Work to complete -
Please copy every record below exactly, but leave the pictures out.

Data for analysis -
━━━━━━

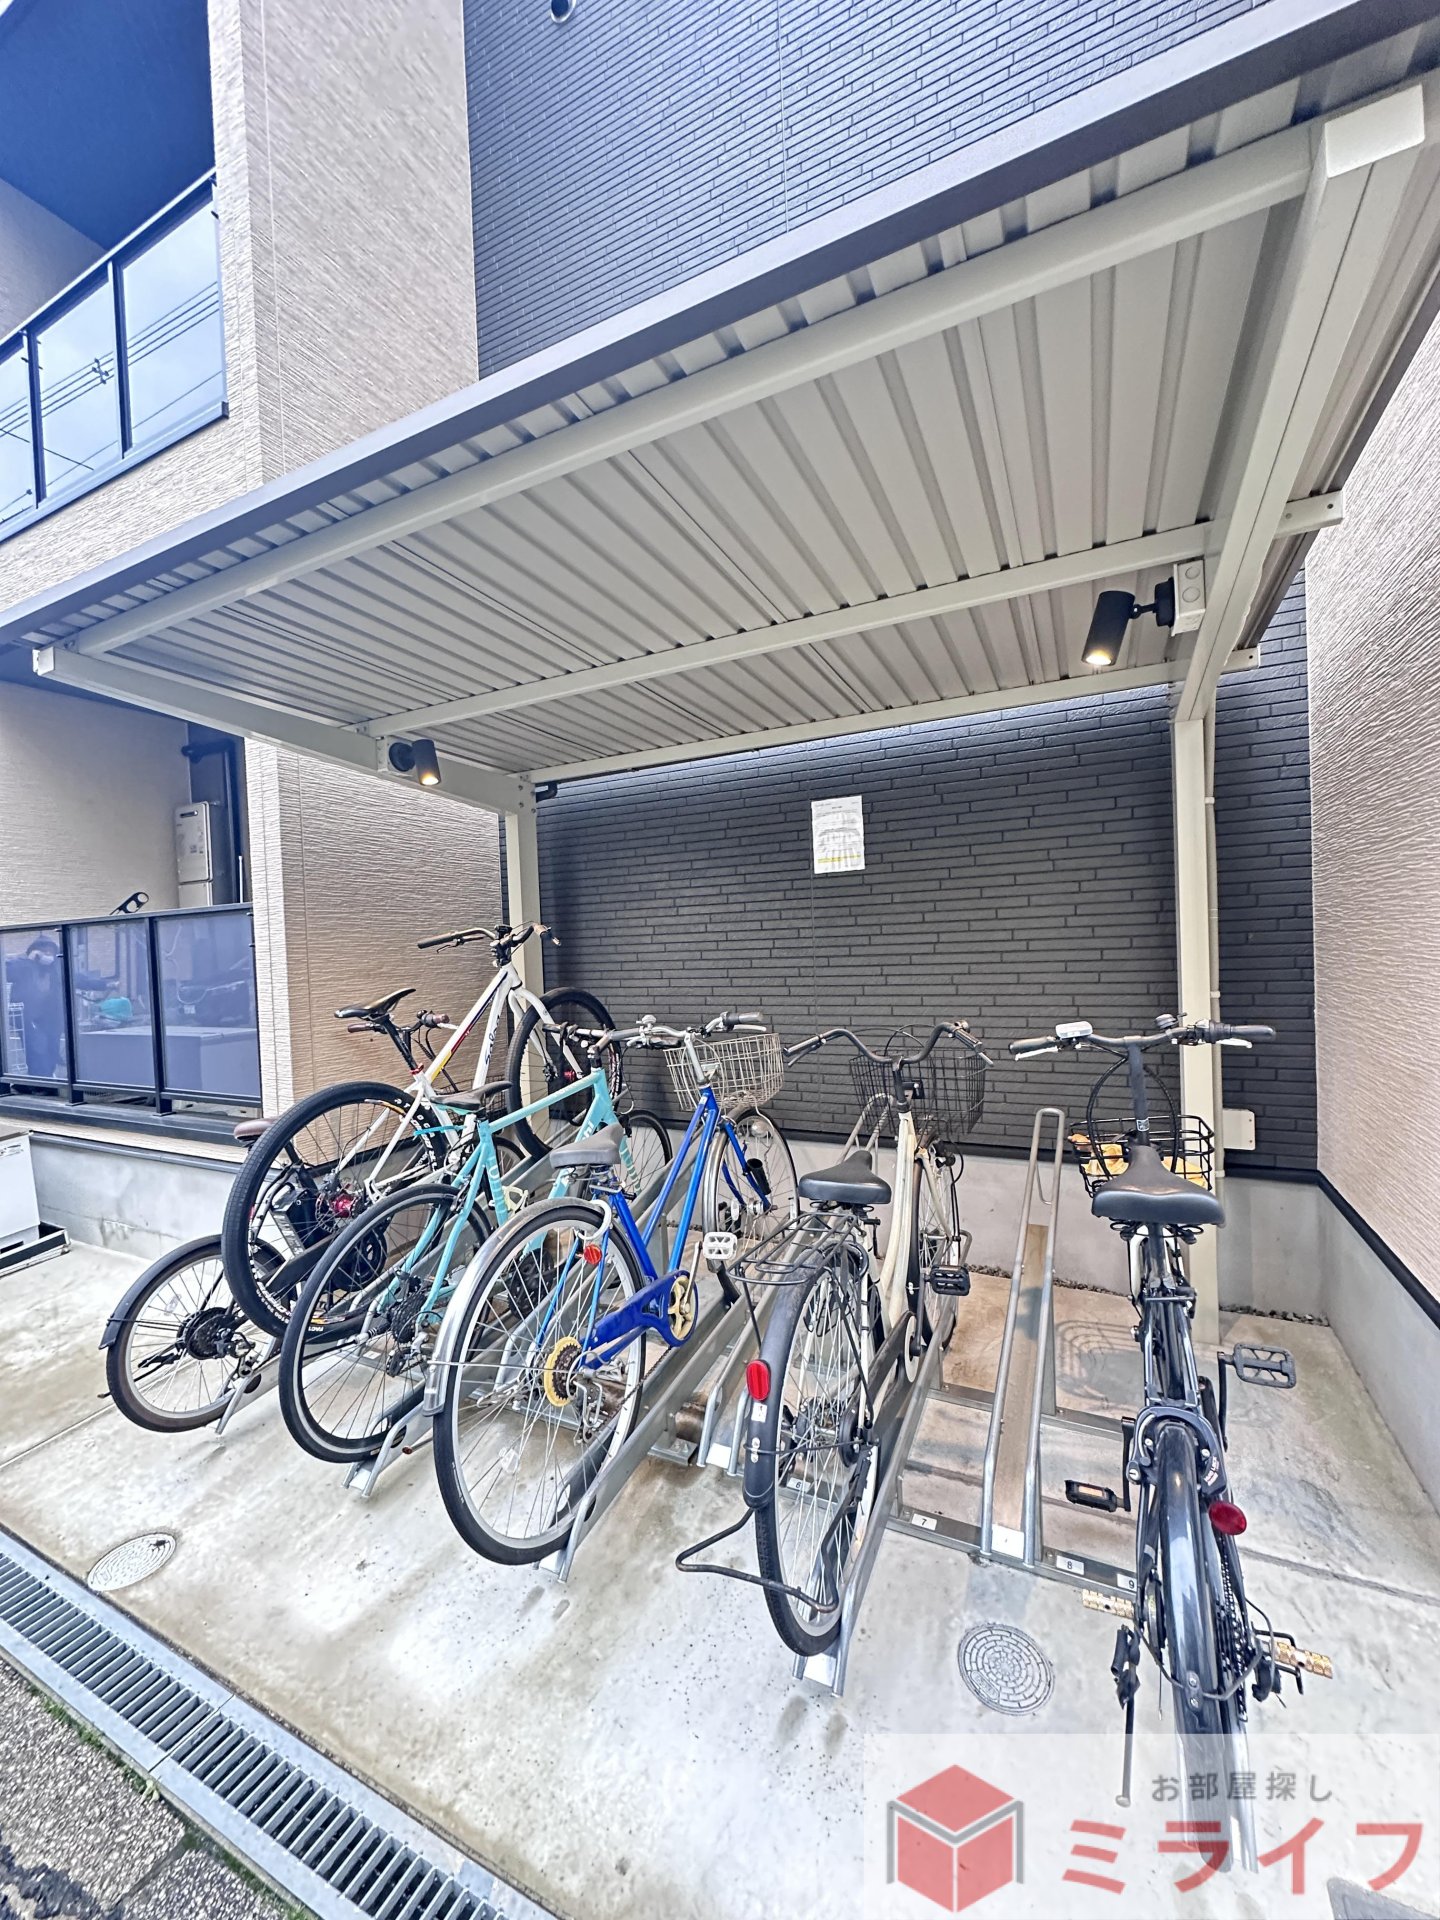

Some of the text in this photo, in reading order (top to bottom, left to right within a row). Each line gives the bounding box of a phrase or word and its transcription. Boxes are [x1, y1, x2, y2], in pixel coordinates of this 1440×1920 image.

[795, 1481, 802, 1489] 6
[921, 1517, 928, 1526] 7
[1066, 1560, 1073, 1570] 8
[1128, 1579, 1135, 1589] 9
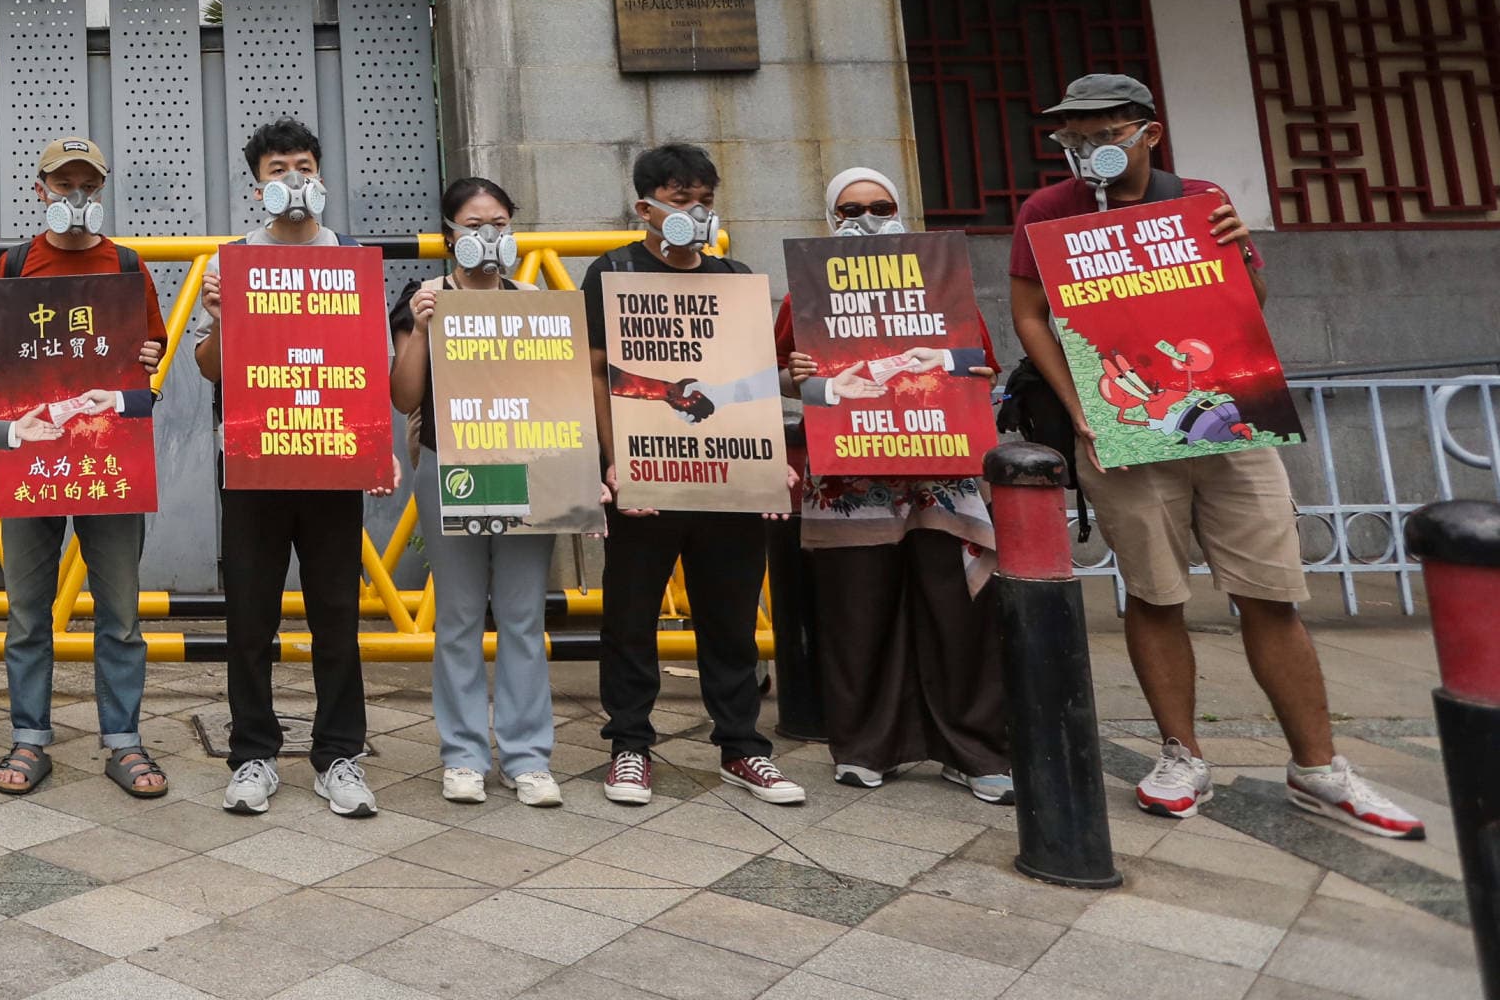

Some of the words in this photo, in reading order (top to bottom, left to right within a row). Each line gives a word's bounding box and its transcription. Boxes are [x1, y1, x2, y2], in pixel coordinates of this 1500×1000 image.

[1064, 224, 1127, 256] DON'T
[1132, 214, 1186, 244] JUST
[1066, 249, 1144, 281] TRADE,
[1143, 238, 1201, 268] TAKE
[249, 268, 304, 291] CLEAN
[309, 269, 356, 291] YOUR
[826, 253, 925, 291] CHINA
[1058, 259, 1225, 308] RESPONSIBILITY
[246, 292, 302, 315] TRADE
[307, 292, 360, 315] CHAIN
[616, 294, 668, 315] TOXIC
[674, 294, 719, 316] HAZE
[830, 291, 887, 315] DON'T
[892, 290, 926, 312] LET
[29, 303, 94, 338] 中国
[444, 316, 497, 337] CLEAN
[501, 316, 523, 337] UP
[527, 316, 571, 337] YOUR
[620, 317, 684, 339] KNOWS
[690, 318, 714, 339] NO
[823, 316, 877, 339] YOUR
[881, 313, 946, 336] TRADE
[18, 336, 109, 359] 别让贸易
[288, 348, 323, 364] FROM
[446, 339, 509, 360] SUPPLY
[513, 339, 574, 360] CHAINS
[622, 340, 702, 362] BORDERS
[247, 366, 313, 389] FOREST
[317, 367, 366, 389] FIRES
[295, 390, 320, 406] AND
[450, 398, 483, 421] NOT
[488, 398, 529, 421] JUST
[266, 407, 344, 431] CLIMATE
[850, 410, 899, 433] FUEL
[904, 409, 946, 432] OUR
[261, 432, 357, 456] DISASTERS
[452, 422, 508, 450] YOUR
[514, 421, 583, 449] IMAGE
[628, 435, 699, 459] NEITHER
[705, 437, 773, 460] SHOULD
[834, 434, 970, 458] SUFFOCATION
[28, 454, 122, 478] 成为窒息
[630, 459, 729, 484] SOLIDARITY
[14, 478, 131, 503] 我们的推手
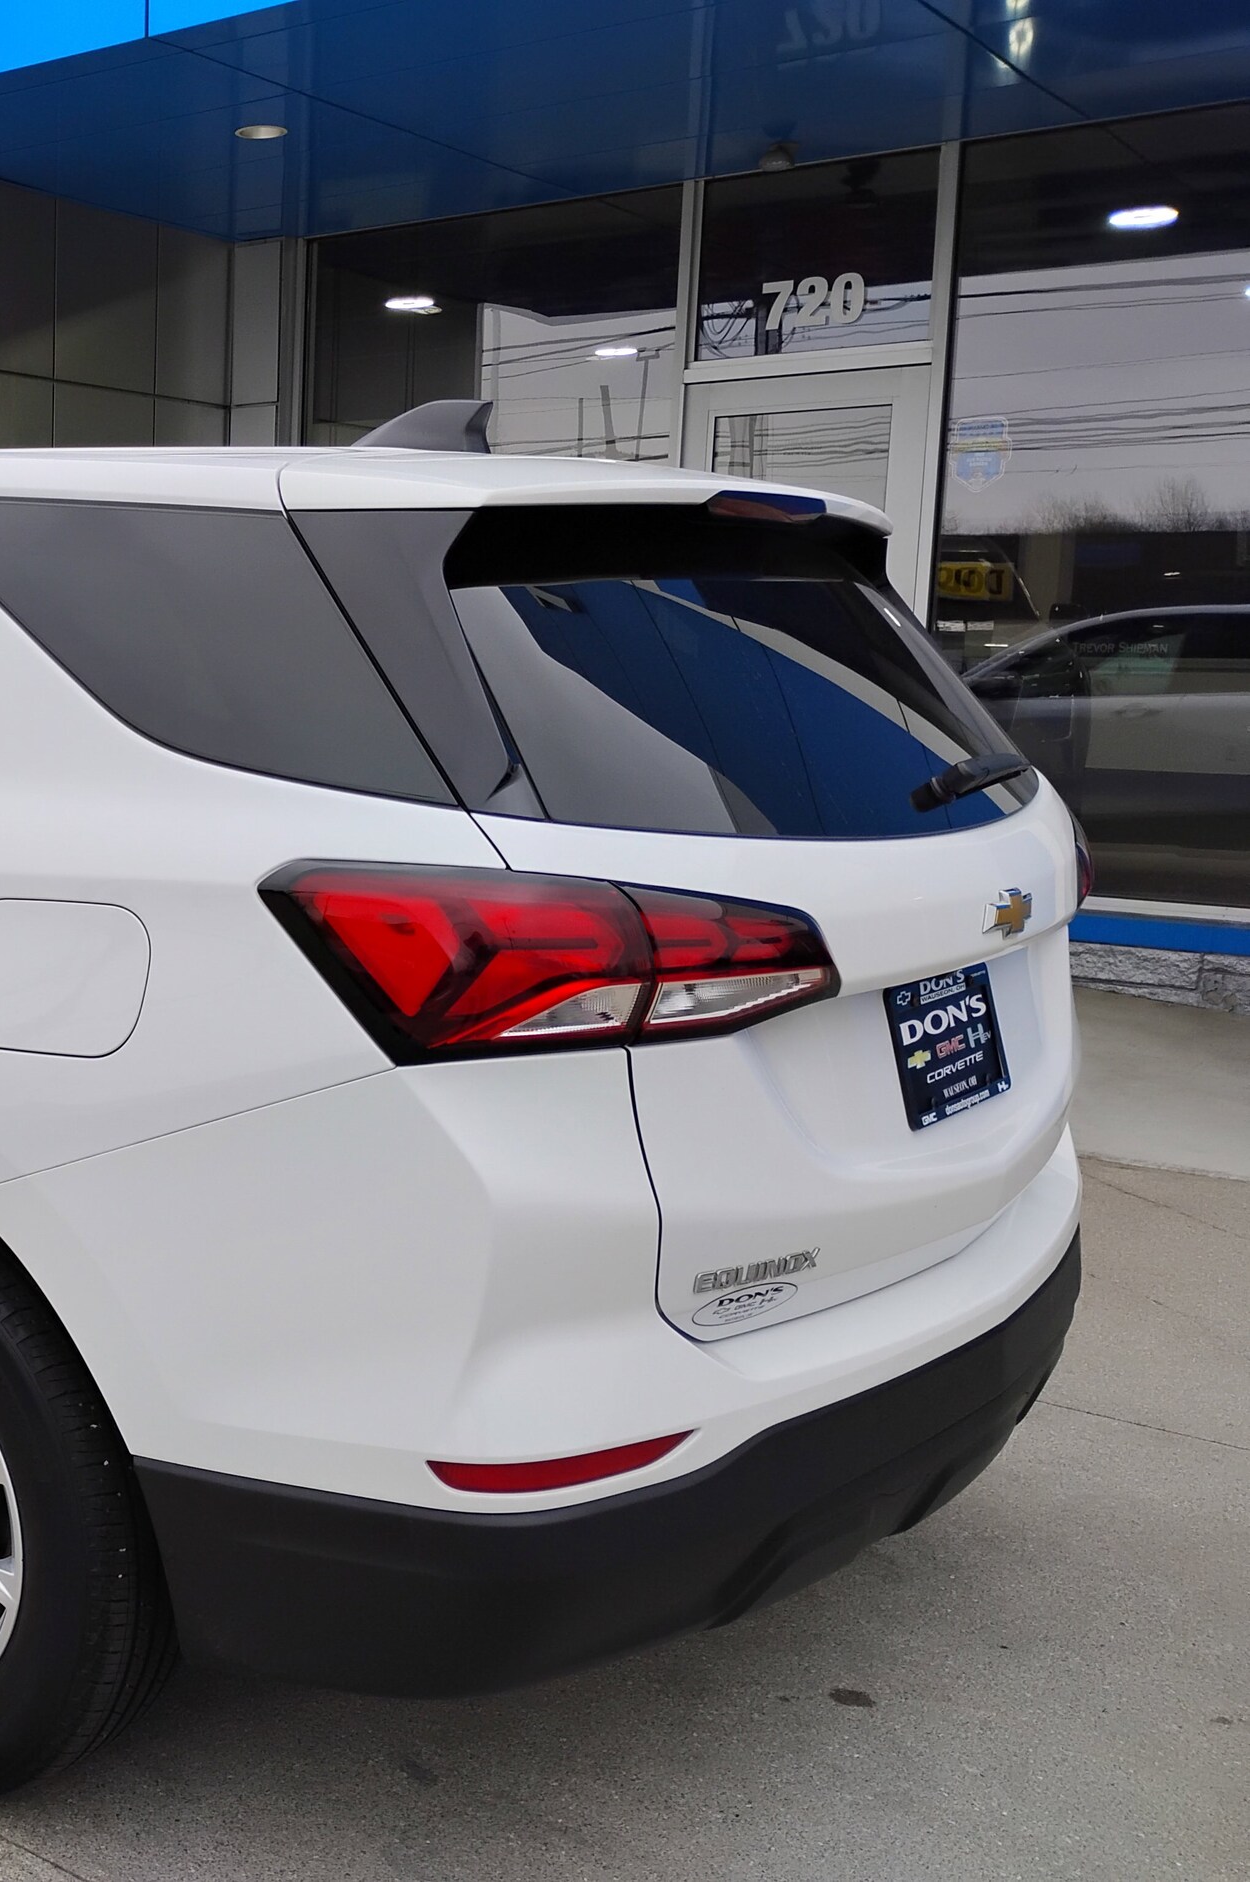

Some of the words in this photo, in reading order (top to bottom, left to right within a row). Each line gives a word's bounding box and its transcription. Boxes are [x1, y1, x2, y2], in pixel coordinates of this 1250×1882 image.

[762, 272, 865, 331] 720
[1072, 641, 1115, 654] TREVOR
[899, 994, 987, 1046] DON'S
[936, 1034, 966, 1059] GMC
[926, 1050, 984, 1084] CORVETTE
[693, 1246, 821, 1294] EQUINOX
[716, 1285, 784, 1307] DON'S
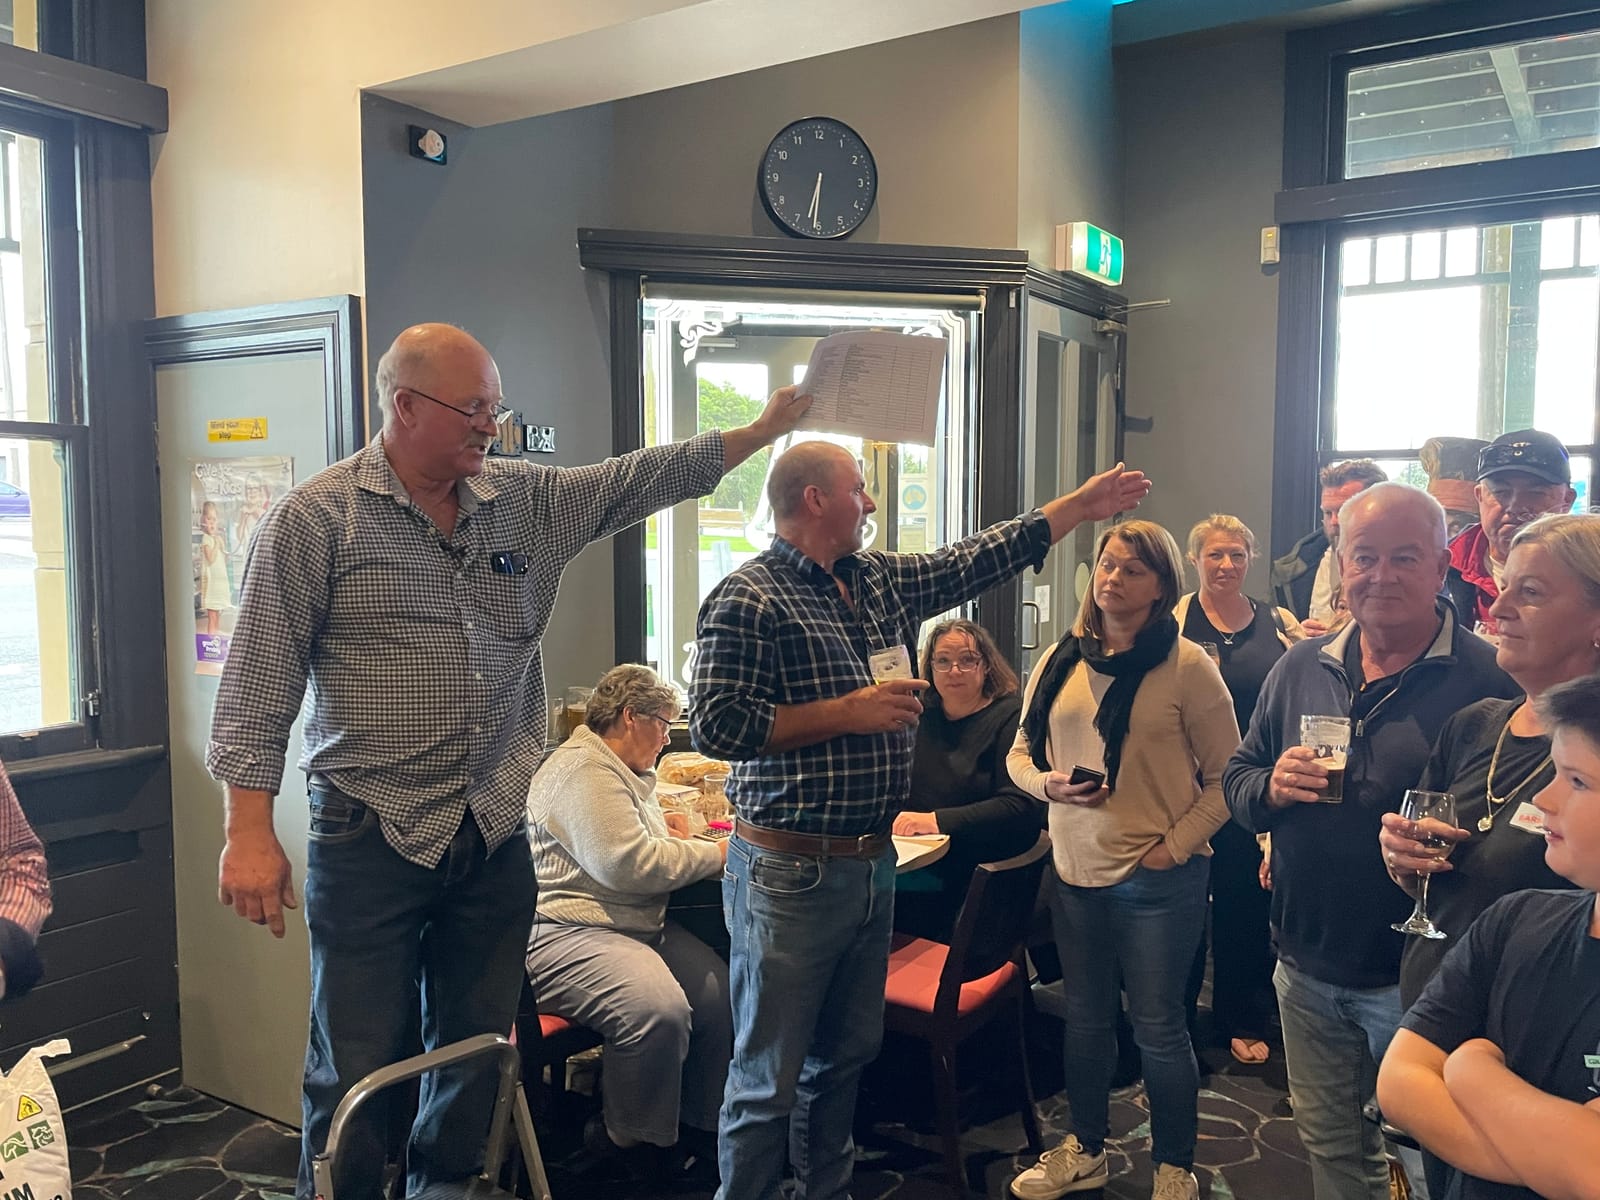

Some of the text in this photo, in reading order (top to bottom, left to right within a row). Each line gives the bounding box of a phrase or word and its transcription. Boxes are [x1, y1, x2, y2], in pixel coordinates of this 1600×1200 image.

━━━━━━

Task solution -
Some of the text in this photo, in reading order (top to bottom, left to right within a row). Each line gives the bounding box of a phrase or word and its transcription. Boxes are [x1, y1, x2, y2], in pixel coordinates of this 1440×1920 image.

[795, 1481, 802, 1489] 6
[921, 1517, 928, 1526] 7
[1066, 1560, 1073, 1570] 8
[1128, 1579, 1135, 1589] 9

Some of the words in this photo, in reading order (top to bottom, left to right within a row). Each line gives a word's bounding box and its transcription. Boxes are [x1, y1, x2, y2], in pixel coordinates of this 1500×1000 image.

[1064, 224, 1127, 256] DON'T
[1132, 214, 1186, 244] JUST
[1066, 249, 1144, 281] TRADE,
[1143, 238, 1201, 268] TAKE
[249, 268, 304, 291] CLEAN
[309, 269, 356, 291] YOUR
[826, 253, 925, 291] CHINA
[1058, 259, 1225, 308] RESPONSIBILITY
[246, 292, 302, 315] TRADE
[307, 292, 360, 315] CHAIN
[616, 294, 668, 315] TOXIC
[674, 294, 719, 316] HAZE
[830, 291, 887, 315] DON'T
[892, 290, 926, 312] LET
[29, 303, 94, 338] 中国
[444, 316, 497, 337] CLEAN
[501, 316, 523, 337] UP
[527, 316, 571, 337] YOUR
[620, 317, 684, 339] KNOWS
[690, 318, 714, 339] NO
[823, 316, 877, 339] YOUR
[881, 313, 946, 336] TRADE
[18, 336, 109, 359] 别让贸易
[288, 348, 323, 364] FROM
[446, 339, 509, 360] SUPPLY
[513, 339, 574, 360] CHAINS
[622, 340, 702, 362] BORDERS
[247, 366, 313, 389] FOREST
[317, 367, 366, 389] FIRES
[295, 390, 320, 406] AND
[450, 398, 483, 421] NOT
[488, 398, 529, 421] JUST
[266, 407, 344, 431] CLIMATE
[850, 410, 899, 433] FUEL
[904, 409, 946, 432] OUR
[261, 432, 357, 456] DISASTERS
[452, 422, 508, 450] YOUR
[514, 421, 583, 449] IMAGE
[628, 435, 699, 459] NEITHER
[705, 437, 773, 460] SHOULD
[834, 434, 970, 458] SUFFOCATION
[28, 454, 122, 478] 成为窒息
[630, 459, 729, 484] SOLIDARITY
[14, 478, 131, 503] 我们的推手

Some of the words in this photo, in reading order (top to bottom, left to right within a row). Each line gives a word's bounding box and its transcription. Boxes are [x1, y1, x2, y2], in pixel coordinates of this 1250×1882 image.

[762, 272, 865, 331] 720
[1072, 641, 1115, 654] TREVOR
[899, 994, 987, 1046] DON'S
[936, 1034, 966, 1059] GMC
[926, 1050, 984, 1084] CORVETTE
[693, 1246, 821, 1294] EQUINOX
[716, 1285, 784, 1307] DON'S

Some of the text in this photo, in reading order (top to bottom, left to right within a row). Each line gives the bounding box of a phrase or word and its transcription. Boxes are [x1, y1, x2, y2], in pixel coordinates of this 1600×1200 image.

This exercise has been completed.